There are a lot of reasons I am interested in this question:
1. It’s probably the most complex machine nature has evolved. Yet it runs on the power of a 20watt lightbulb when an equivalent computer would require 24 million watts of power!
2. My dad has dementia. There is a whole lot of research going on into what causes this and what we might be able to do to prevent or even help with it in the future. Too late for him but hopefully in time for my children.
3. We are fast developing various forms of Artificial Intelligence and understanding the way our brains work will form the basis for some of the modelling of how “computer brains” may work.
This WaitButWhy post by TimUrban I am linking to is a monster: it’s very long and addresses several big topics. But as usual for Tim it sets things out in a sensible understandable way. It’s overall focus is on what Elon Musk’s Neuralink enterprise is hoping to achieve with Brain/Machine interfaces. But different components of the piece are in themselves so interesting that I feel like I should really just share pieces of it, each of which can pretty much be read as stand alone treatise.
So the first bit I am going to recommend is actually the second and third part of this treatise, which is the piece on how our brain works. Tim manages to pull together and summarise in quite a simple way, our current understanding of the brain, and I found it quite fascinating.
Here is the link Part 2: The Brain. Read part 2 and also part 3 which starts to talk about the challenges of creating Brain, Machine interfaces.
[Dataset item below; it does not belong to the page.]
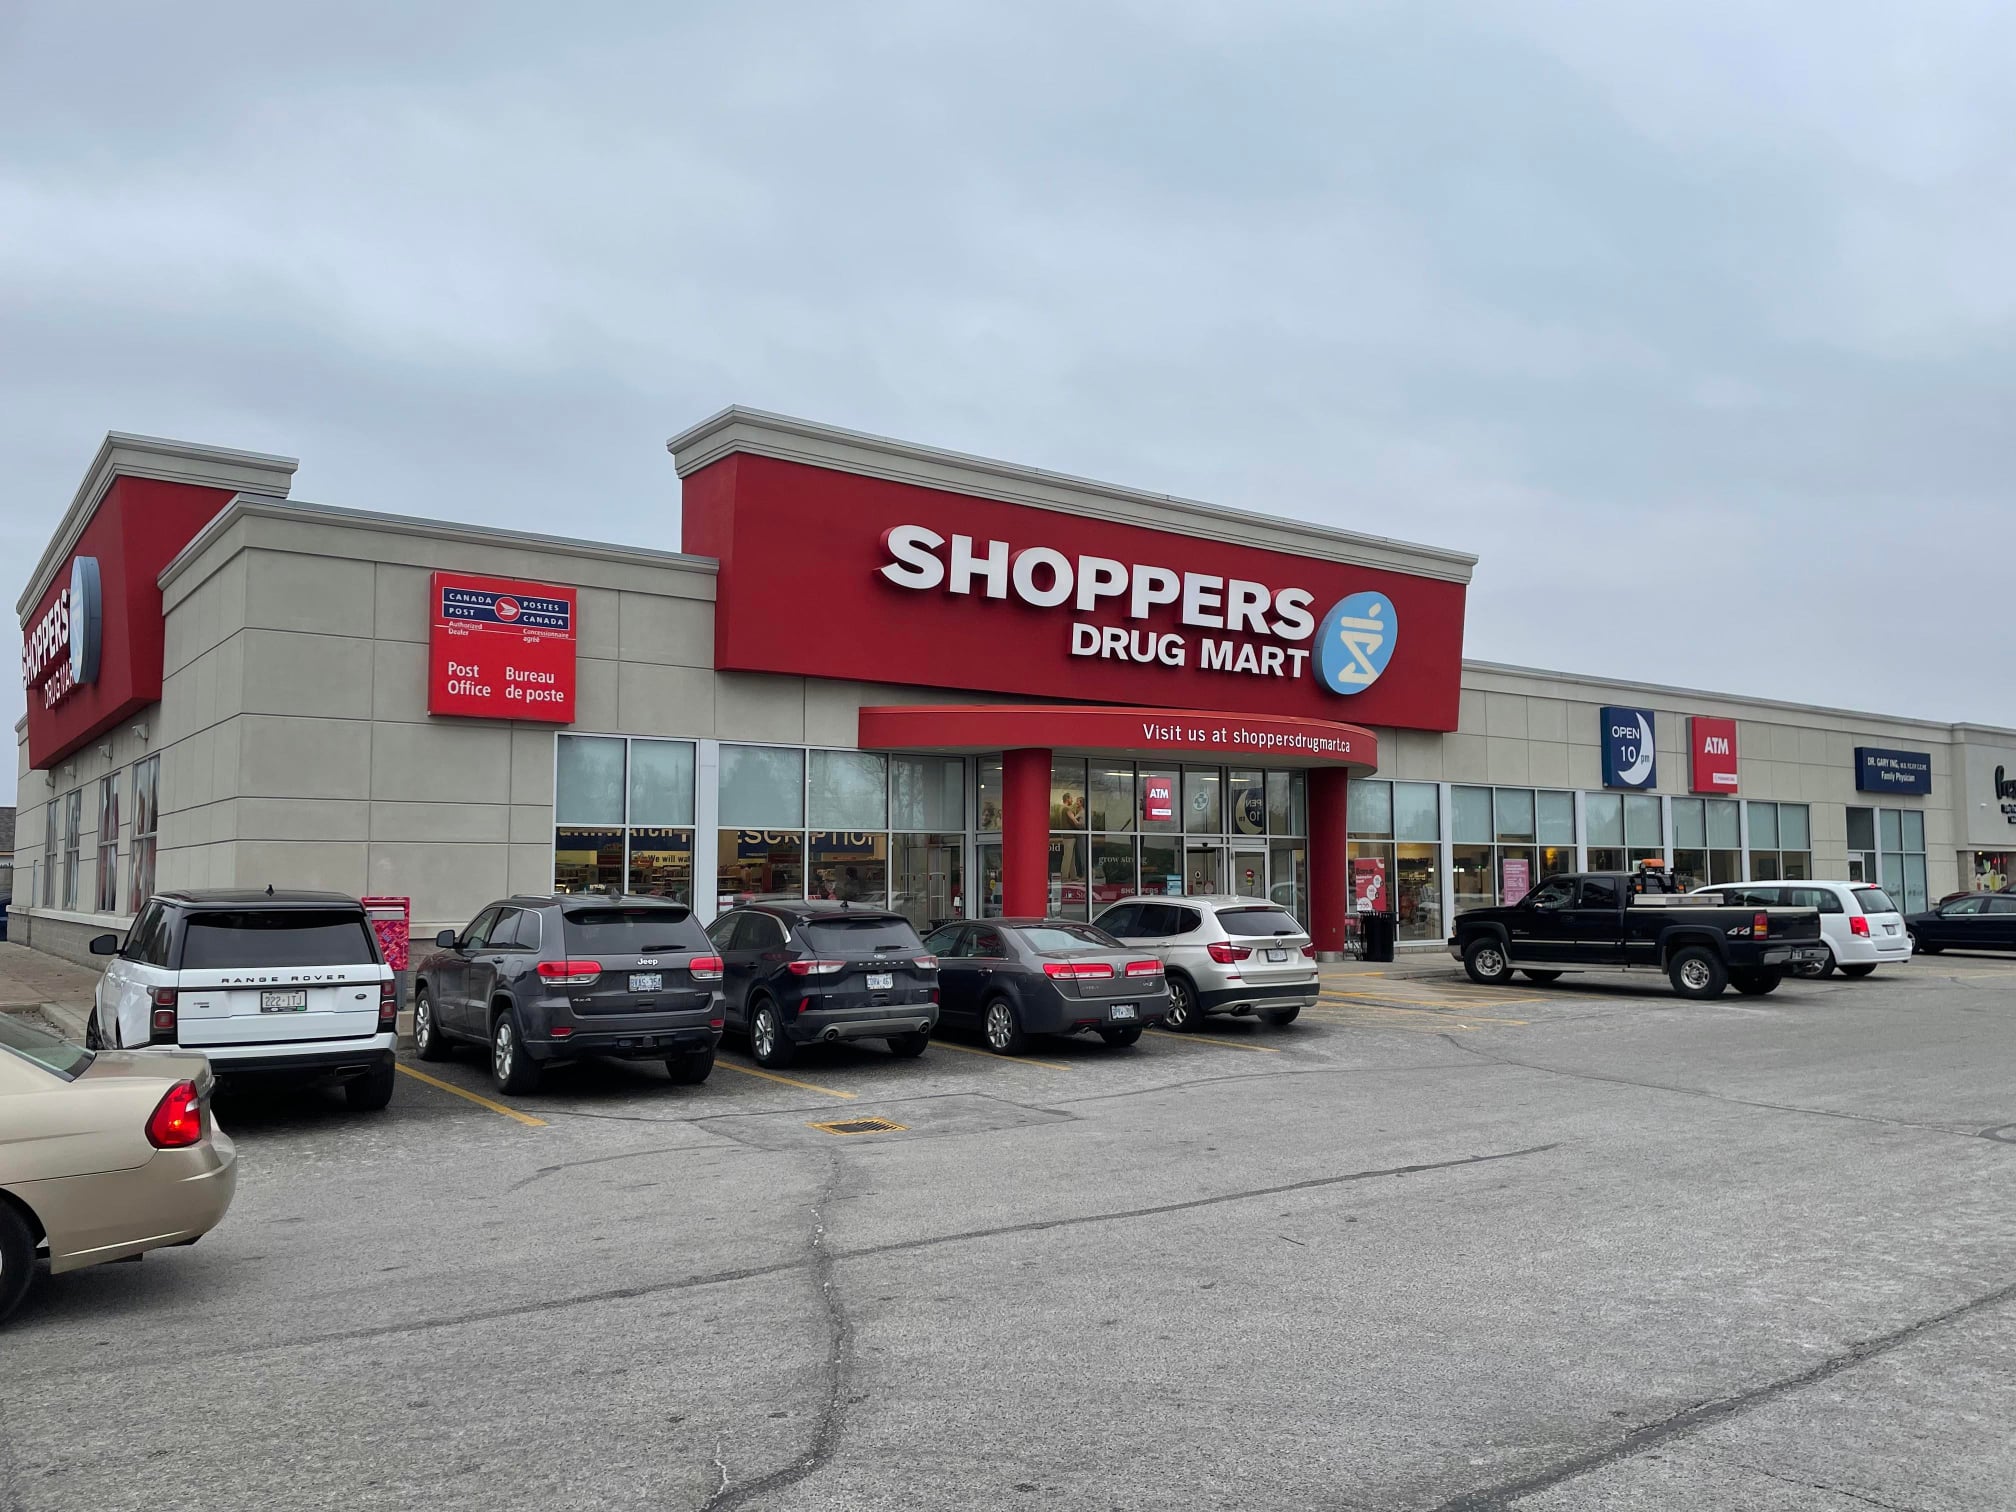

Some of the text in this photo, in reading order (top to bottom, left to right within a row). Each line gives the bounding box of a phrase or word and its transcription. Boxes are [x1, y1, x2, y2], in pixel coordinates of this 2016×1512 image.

Some of the fascinating pieces that amazed me:
The three main components of the brain: reptilian (the part that keeps our bodies functioning, eg. Hearts and lungs pumping), the limbic system (the Paleo-mamillian system), our primitive survival system of instincts where we get our emotions along with a whole lot of other functionality and some memory functions, and the neo-mamillian outer cortex where we do all of our rational thought, processing and emotional control functions. Things like Daniel Kannehman’s Thinking Fast, Thinking Slow is all about the interaction between these second and third parts of the brain.
The structure and nature of neurons, the basic building blocks of our brains and how they connect and trigger each other is also explained. Did you know that they basically function a lot like a binary computer either sending a signal or not sending a signal? Their activation functions and connections are non linear but their firing is either on or off. I expected something much more analogue!
There are around 100 billion neurons in our brains. (Around about the same number of stars as there are in our galaxy to an order of magnitude – a number that always blows my mind. Think about that for a moment vs the 7bn people we have on earth. And that’s just our galaxy, one of an estimated 100 billion galaxies in the universe. Anyway back to earth and your brain…) Your thinking cortex is about 15 to 20% of that total number of neurons and is present only in the outer two milimeters of your brain! (The bulk of the brain below that is taken up with the connections between the axon of each neuron and the others). Each neuron can have synaptic connections (connections that can carry its signal) to between 1000 and 10,000 other neurons! And it’s the restructuring of these connections that gives us our ability to learn. Now that makes a seriously complex machine! Tim does a wonderful illustration scaling up the brain to the size of a few city blocks to try to describe its complexity in a way we can comprehend.